My son is in third grade also. No, I've never heard of that but I suppose it eliminates duplicate presents and the child gets the things she/he likes. I'm not really opposed to it, but it does take the fun out of opening your presents and getting a surprise.


----------



## Cosmosmom (Jan 12, 2007)

I had the same experience years ago . It was when Espirit was reallly hot in the Bay area .. 
It was suggested that we buy something for the young girl in question there as that is what she had requested .. Hmmnn !!
I agree when did the person having the party decide what gifts the guests should bring and how much we should spend .. This is a birthday party - not a wedding and as far as I know children do not register for gifts .
We declined ..


----------



## marjrc (Jan 13, 2007)

Cosmosmom said:


> I had the same experience years ago . It was when Espirit was reallly hot in the Bay area ..
> It was suggested that we buy something for the young girl in question there as that is what she had requested .. Hmmnn !!
> I agree when did the person having the party decide what gifts the guests should bring and how much we should spend .. This is a birthday party - not a wedding and as far as I know children do not register for gifts .
> We declined ..


*DITTO !!!!!! I'd be put off by this too. :suspicious: *

In fact, I would go out of my way NOT to get something on the list!!! hehehe


----------



## isshinryu_mom (Mar 23, 2008)

I have a fourth grader and a senior in high school so I've been doing birthdays awhile and have never received an invite with a registry included. I agree with ya'..... in my opinion weddings, wedding showers and baby showers are the only time it's appropriate to tell someone what you want them to give you. 

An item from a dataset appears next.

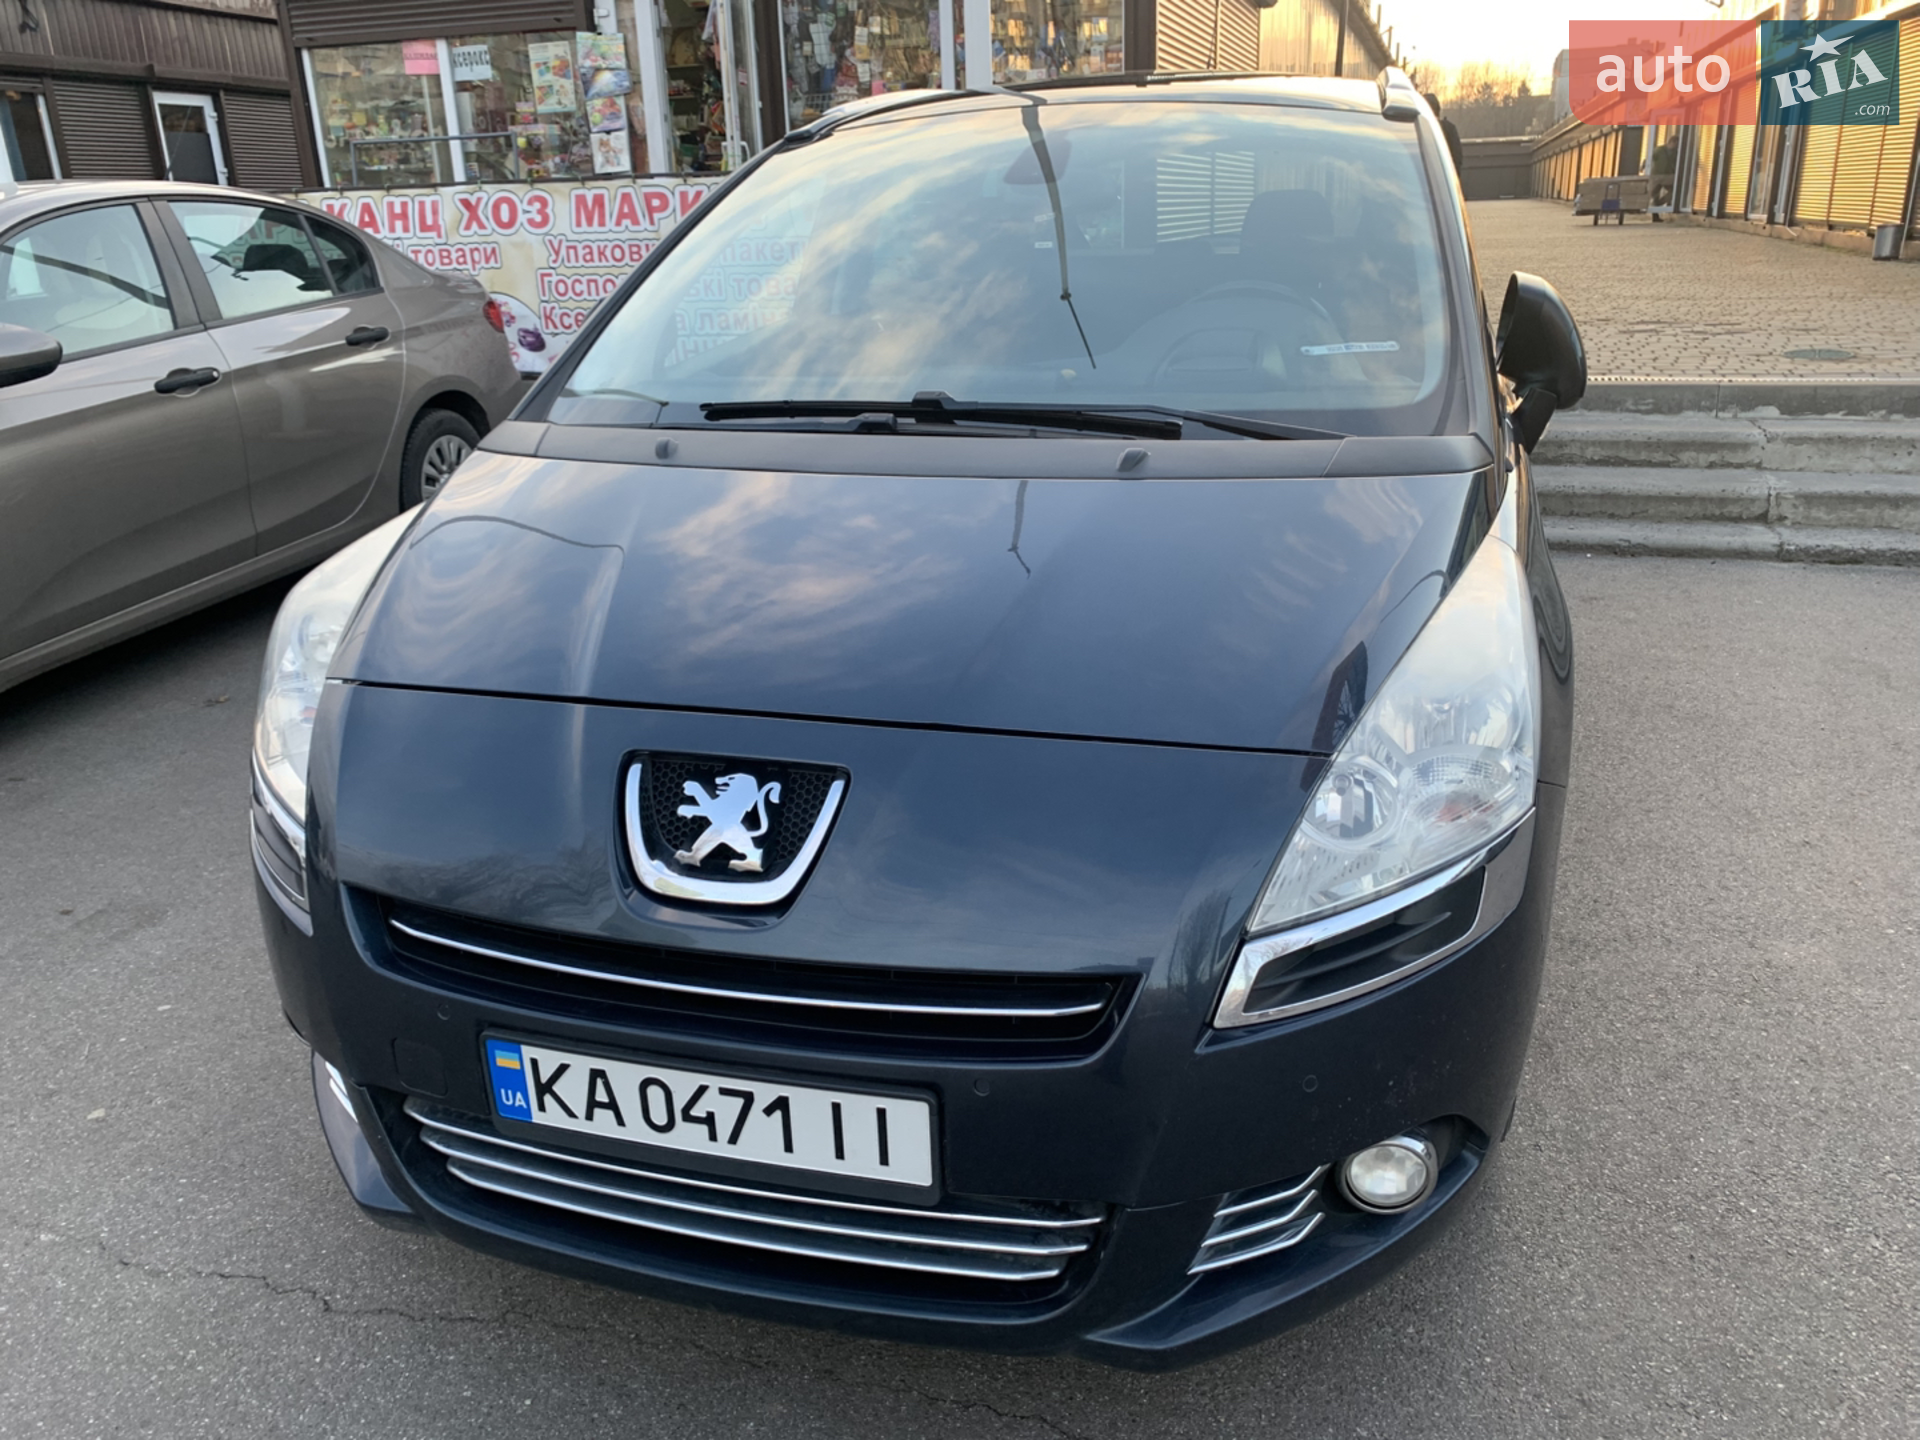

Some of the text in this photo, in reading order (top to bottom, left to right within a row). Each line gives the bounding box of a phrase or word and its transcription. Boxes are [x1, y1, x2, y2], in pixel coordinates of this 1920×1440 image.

[458, 194, 551, 232] ХОЗ
[410, 245, 500, 272] товари
[500, 1087, 528, 1110] UA

As far as I'm concerned, children's birthday parties are out of control all together. It's not cake and ice cream in the garage with a few friends anymore. It's themes and venues and bigger and better each year! Honestly, sometimes the goodie bags have more in them than what we gave as gifts as kids! (And I'm not THAT old, even if I do sound like it!!!)


----------



## Pixiesmom (Jul 31, 2008)

You know Ann, you bring up a really good point. In fact, last year was the first year we had a low key, "old school" birthday party. Some of my daughter's friends just came over. Imagine!! They had more fun doing the dumb karaoke, playing Wii, and tie dyeing t shirts than the other extravaganzas past that cost me a small fortune. Let's see-there was party at the Zoo, the gymnastics party, the Sweet & Sassy make over and photo shoot party, the Fairy Tea Party, and I was actually racking my brain trying to come up with a new idea. Then I thought how ridiculous I was being, and thankfully came to my senses. Kids are soooooooooo overindulged. My daughter was actually whining for a cell phone this week, because many of her friends have one and she doesn't. 8 year olds. Ridiculous.


----------



## Melissa Miller (Aug 2, 2006)

Did you see where the Jonas Bro's.. I think it was Nick, rented out Dodgers stadium for his bday so he and his friends could play on the field. WOW!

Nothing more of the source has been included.